## What to work on
May I please have every record restated word for word, with the images left out?

## Source data
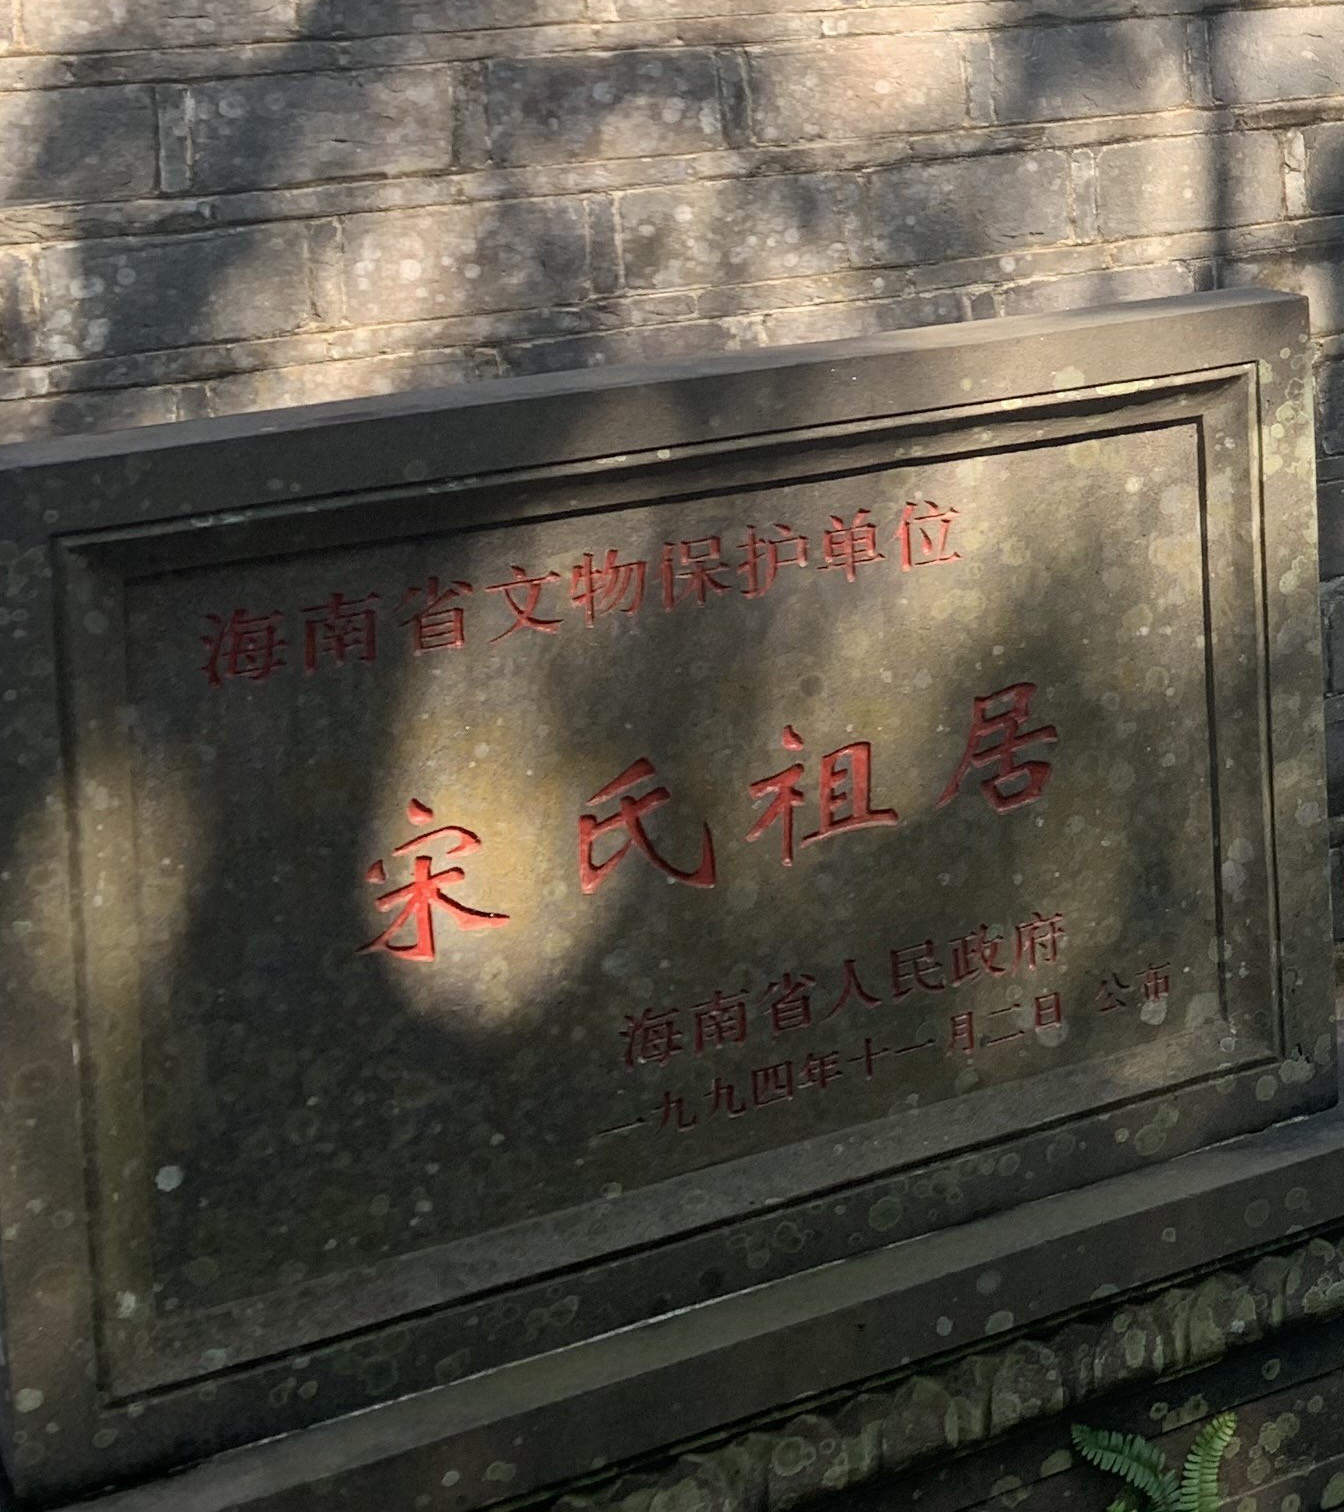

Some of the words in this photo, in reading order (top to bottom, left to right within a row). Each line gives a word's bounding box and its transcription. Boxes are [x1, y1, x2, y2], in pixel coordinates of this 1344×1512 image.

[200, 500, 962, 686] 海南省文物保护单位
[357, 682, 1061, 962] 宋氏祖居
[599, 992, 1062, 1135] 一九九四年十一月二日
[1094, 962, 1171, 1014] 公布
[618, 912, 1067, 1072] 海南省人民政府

## Solution
Some of the words in this photo, in reading order (top to bottom, left to right within a row). Each line gives a word's bounding box and its transcription. Boxes are [x1, y1, x2, y2], in pixel coordinates of this 1344×1512 image.

[200, 500, 962, 686] 海南省文物保护单位
[357, 682, 1061, 962] 宋氏祖居
[599, 992, 1062, 1135] 一九九四年十一月二日
[1094, 962, 1171, 1014] 公布
[618, 912, 1067, 1072] 海南省人民政府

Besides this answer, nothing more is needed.